The line containing "this 1344×1512 image." and every line after it, through the end of the records below, are to be reproduced exactly, with the pictures left out.

.....

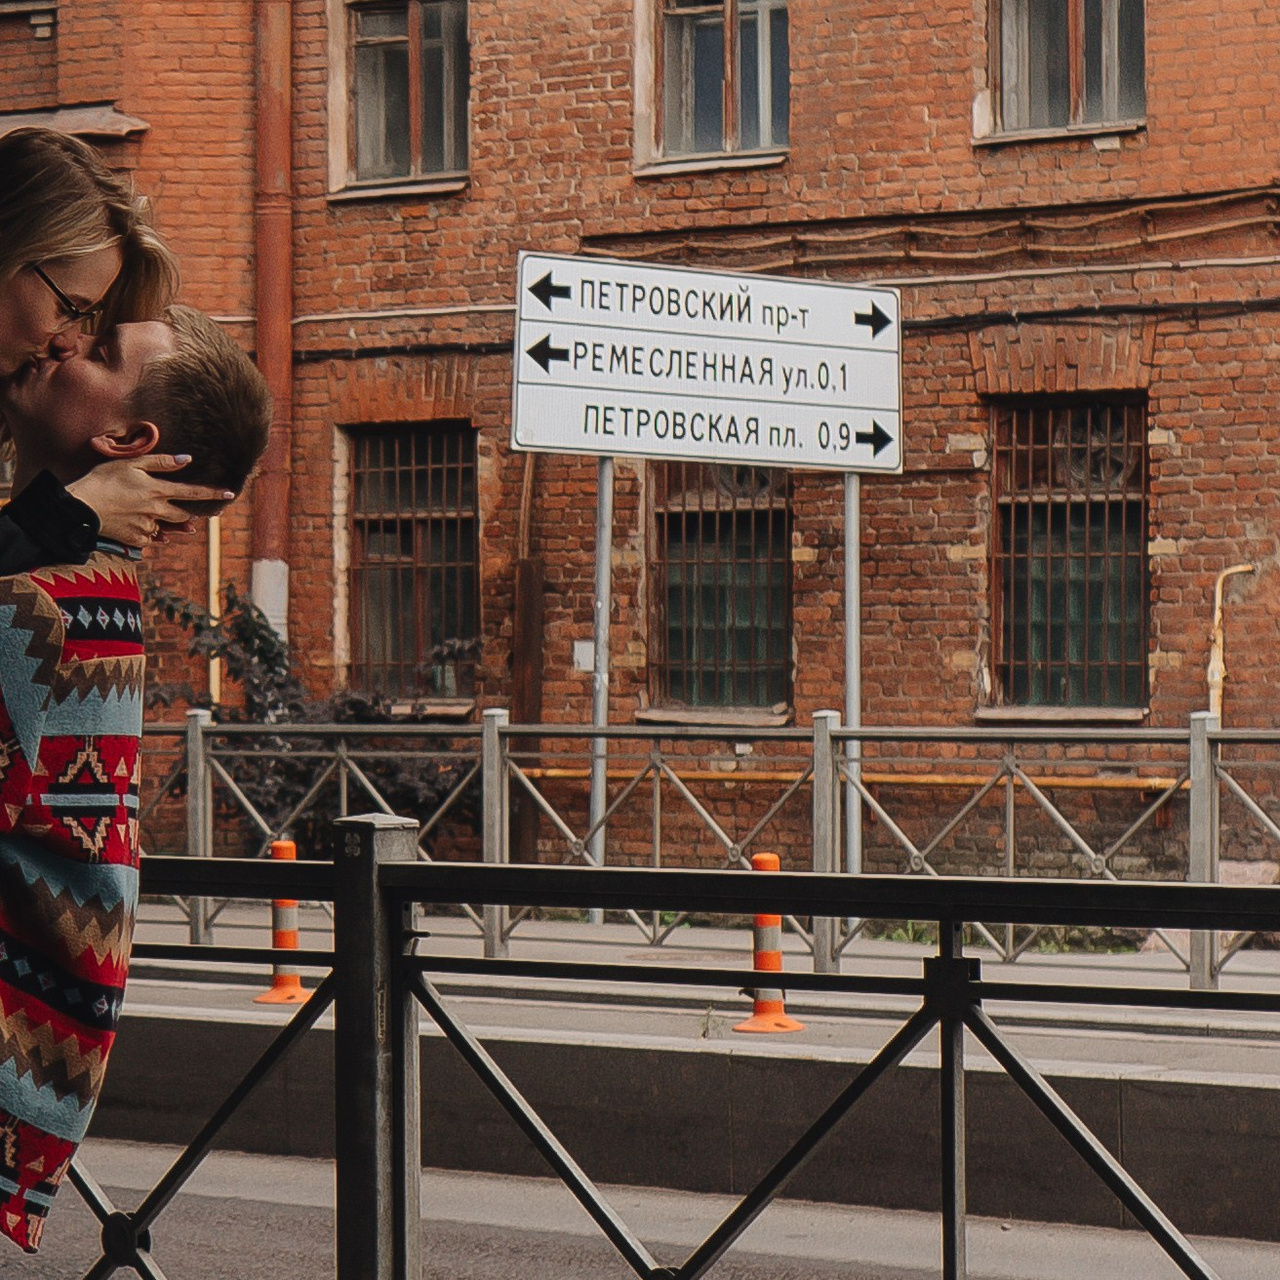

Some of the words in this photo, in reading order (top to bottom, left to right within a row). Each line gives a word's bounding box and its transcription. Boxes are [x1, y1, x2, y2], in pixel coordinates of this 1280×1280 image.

[580, 279, 752, 324] ПЕТРОВСКИЙ
[761, 304, 810, 334] пр-т
[574, 341, 774, 385] РЕМЕСЛЕННАЯ
[584, 404, 759, 446] ПЕТРОВСКАЯ
[769, 425, 803, 449] пл.
[819, 422, 851, 453] 0,9
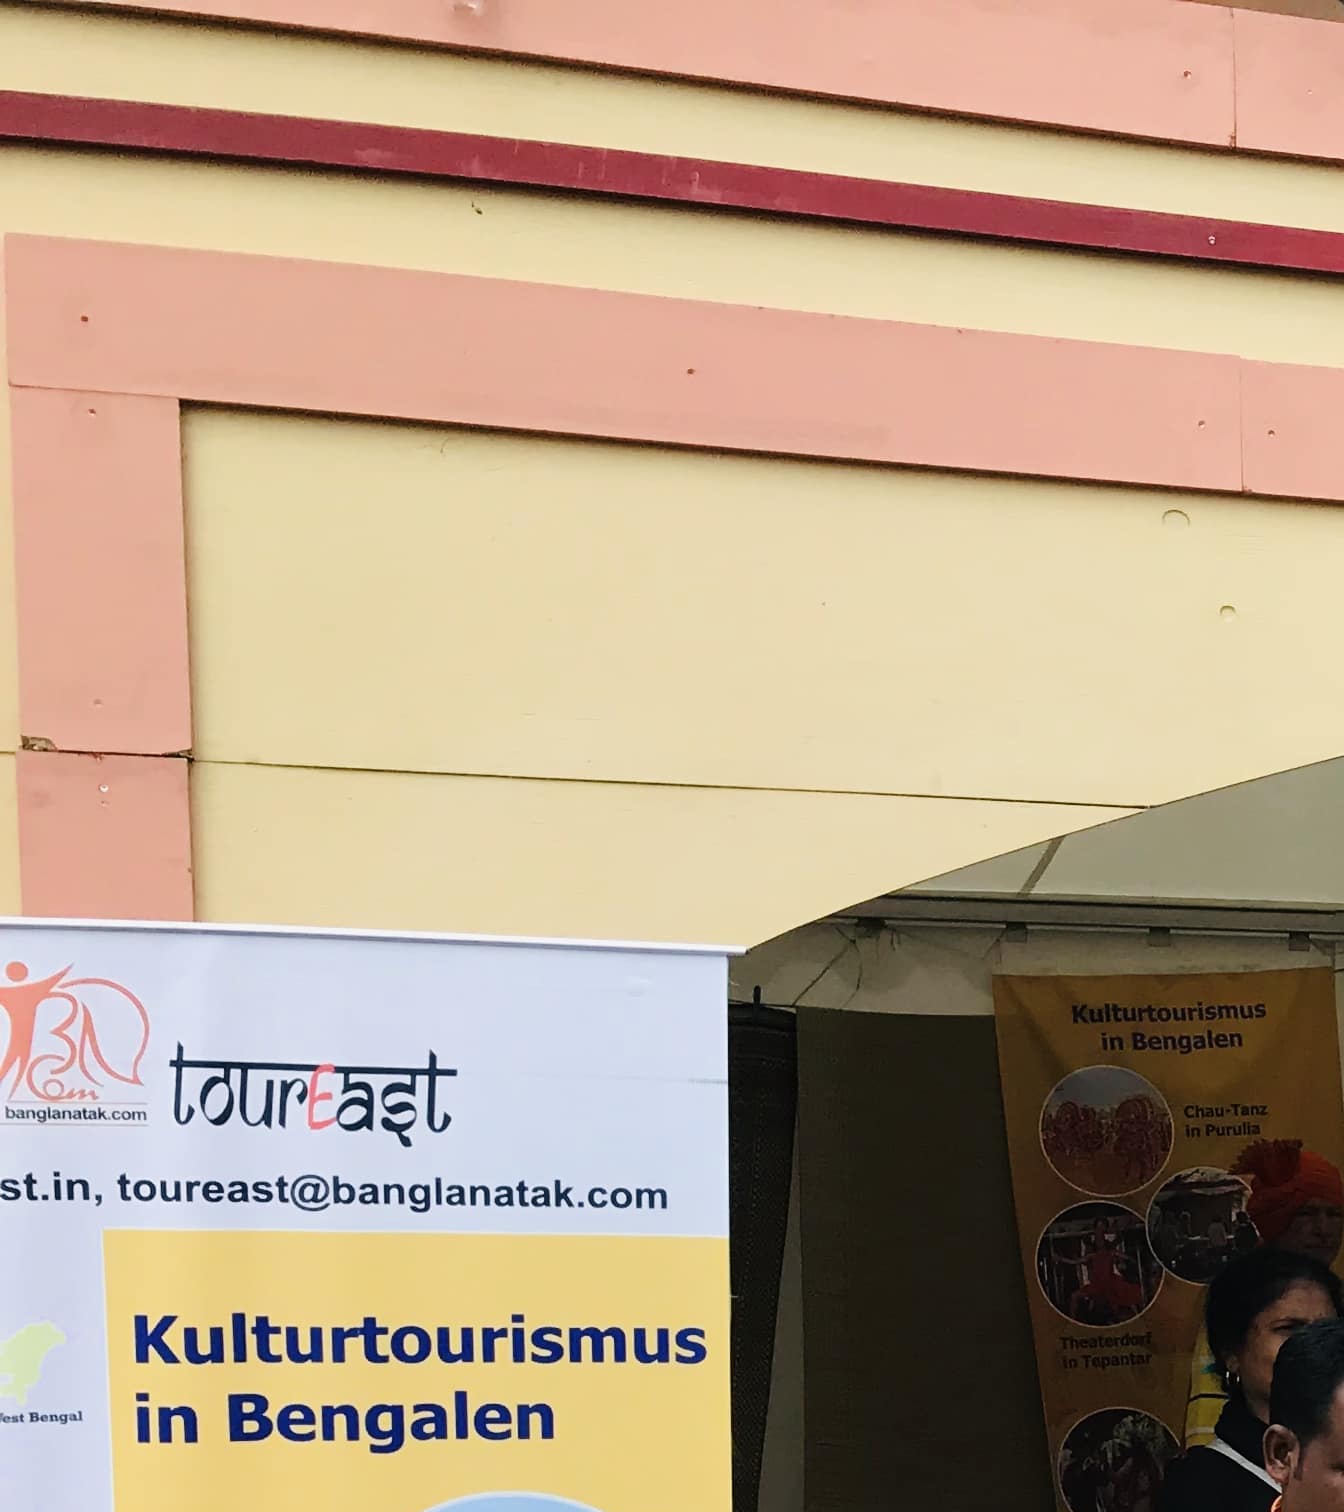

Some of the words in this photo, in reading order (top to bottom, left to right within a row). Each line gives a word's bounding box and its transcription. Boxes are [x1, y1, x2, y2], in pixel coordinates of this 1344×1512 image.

[1072, 1002, 1267, 1024] Kulturtourismus
[1101, 1033, 1123, 1050] in
[1132, 1030, 1243, 1053] Bengalen
[170, 1042, 457, 1147] tourEast
[5, 1105, 148, 1122] banglanatak.com
[1184, 1103, 1268, 1118] Chau-Tanz
[1185, 1124, 1200, 1137] in
[1205, 1122, 1260, 1136] Purulia
[117, 1173, 669, 1212] toureast@banglanatak.com
[133, 1312, 708, 1366] Kulturtourismus
[1059, 1332, 1152, 1349] Theaterdorf
[1063, 1356, 1077, 1368] in
[1081, 1352, 1152, 1369] Tepantar
[29, 1410, 82, 1424] Bengal
[135, 1392, 199, 1444] in
[227, 1390, 556, 1454] Bengalen
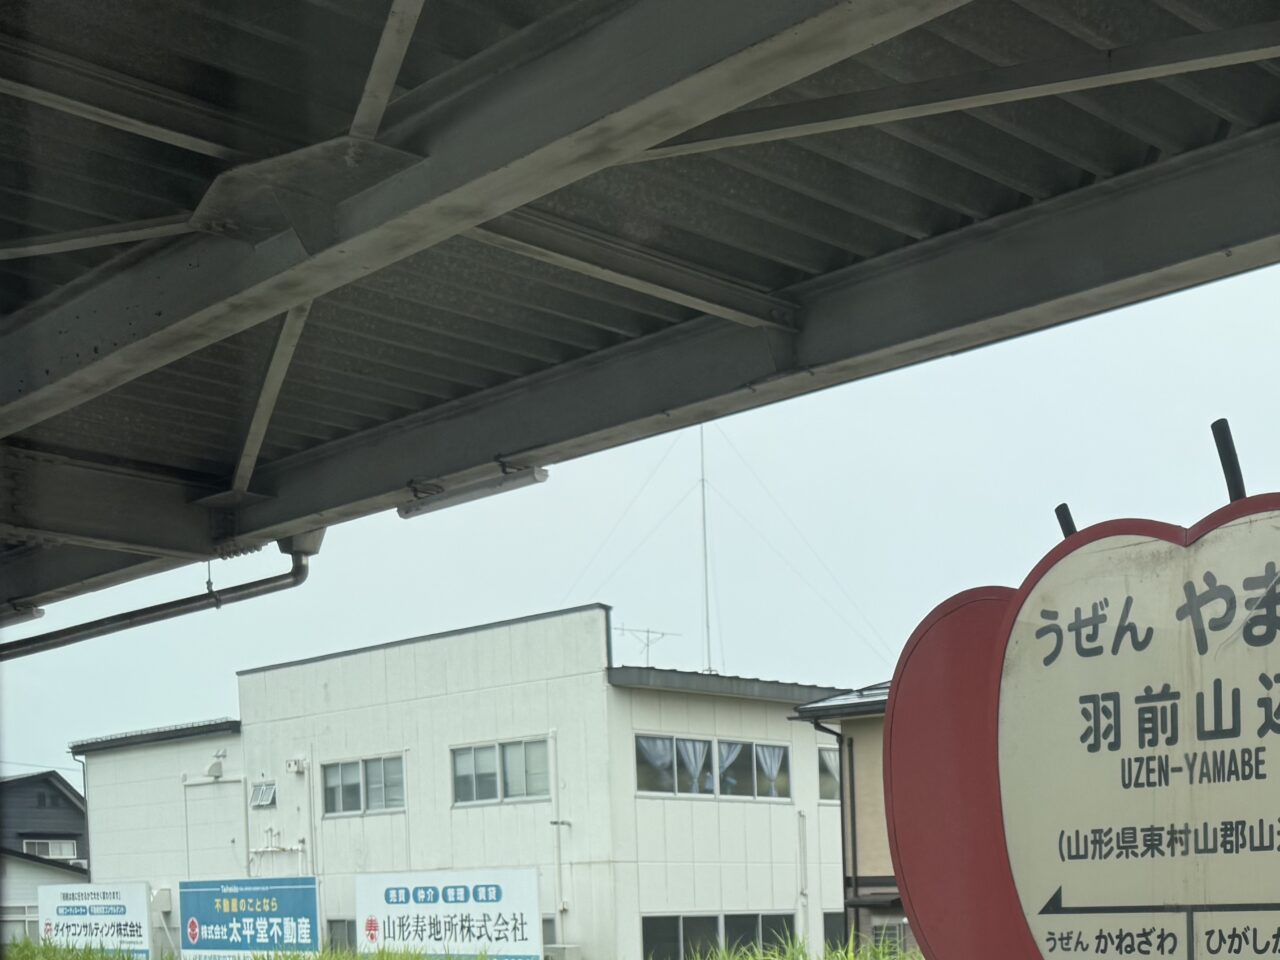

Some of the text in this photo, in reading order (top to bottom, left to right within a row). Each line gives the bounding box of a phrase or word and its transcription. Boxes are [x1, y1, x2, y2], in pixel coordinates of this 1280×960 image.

[1034, 596, 1154, 667] うぜん
[1121, 746, 1267, 789] UZEN-YAMABE
[214, 897, 278, 913] 不動産のことなら
[54, 921, 143, 938] ダイヤコンサルティング株式会社
[383, 912, 529, 943] 山形寿地所株式会社
[1045, 927, 1178, 956] うぜん かねざわ
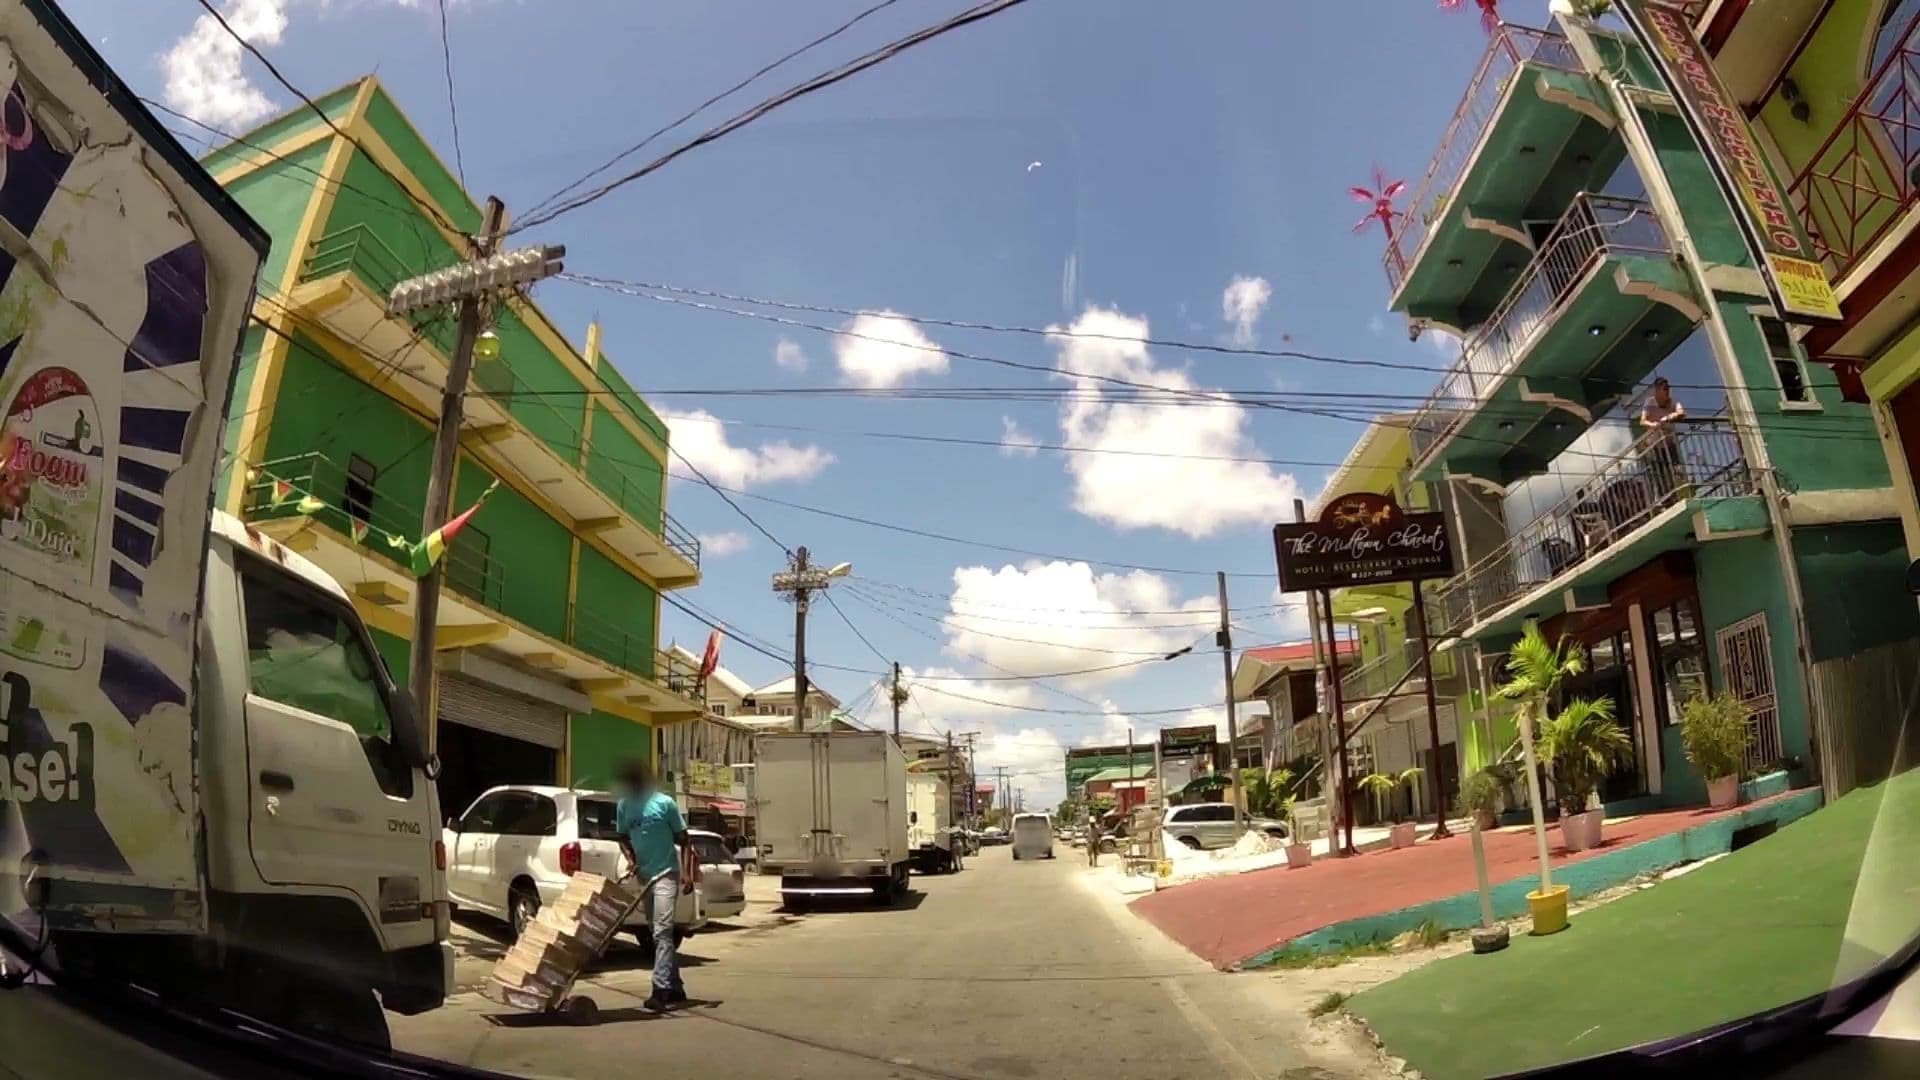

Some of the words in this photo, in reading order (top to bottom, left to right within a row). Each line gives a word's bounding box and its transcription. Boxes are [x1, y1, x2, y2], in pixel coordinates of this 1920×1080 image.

.....

Expected answer »
Some of the words in this photo, in reading order (top to bottom, left to right within a row). Each line gives a word's bounding box and its transcription. Boxes are [x1, y1, x2, y2], in pixel coordinates of this 1344×1512 image.

[1072, 1002, 1267, 1024] Kulturtourismus
[1101, 1033, 1123, 1050] in
[1132, 1030, 1243, 1053] Bengalen
[170, 1042, 457, 1147] tourEast
[5, 1105, 148, 1122] banglanatak.com
[1184, 1103, 1268, 1118] Chau-Tanz
[1185, 1124, 1200, 1137] in
[1205, 1122, 1260, 1136] Purulia
[117, 1173, 669, 1212] toureast@banglanatak.com
[133, 1312, 708, 1366] Kulturtourismus
[1059, 1332, 1152, 1349] Theaterdorf
[1063, 1356, 1077, 1368] in
[1081, 1352, 1152, 1369] Tepantar
[29, 1410, 82, 1424] Bengal
[135, 1392, 199, 1444] in
[227, 1390, 556, 1454] Bengalen

Some of the text in this photo, in reading order (top to bottom, left to right within a row). Each line gives the bounding box of a phrase or word and its transcription. Boxes are [x1, y1, x2, y2], in pixel coordinates of this 1280×960 image.

[1034, 596, 1154, 667] うぜん
[1121, 746, 1267, 789] UZEN-YAMABE
[214, 897, 278, 913] 不動産のことなら
[54, 921, 143, 938] ダイヤコンサルティング株式会社
[383, 912, 529, 943] 山形寿地所株式会社
[1045, 927, 1178, 956] うぜん かねざわ

Some of the words in this photo, in reading order (top to bottom, left to right within a row). Each line gives a word's bounding box and its transcription. Boxes are [x1, y1, x2, y2], in pixel coordinates of this 1920×1080 image.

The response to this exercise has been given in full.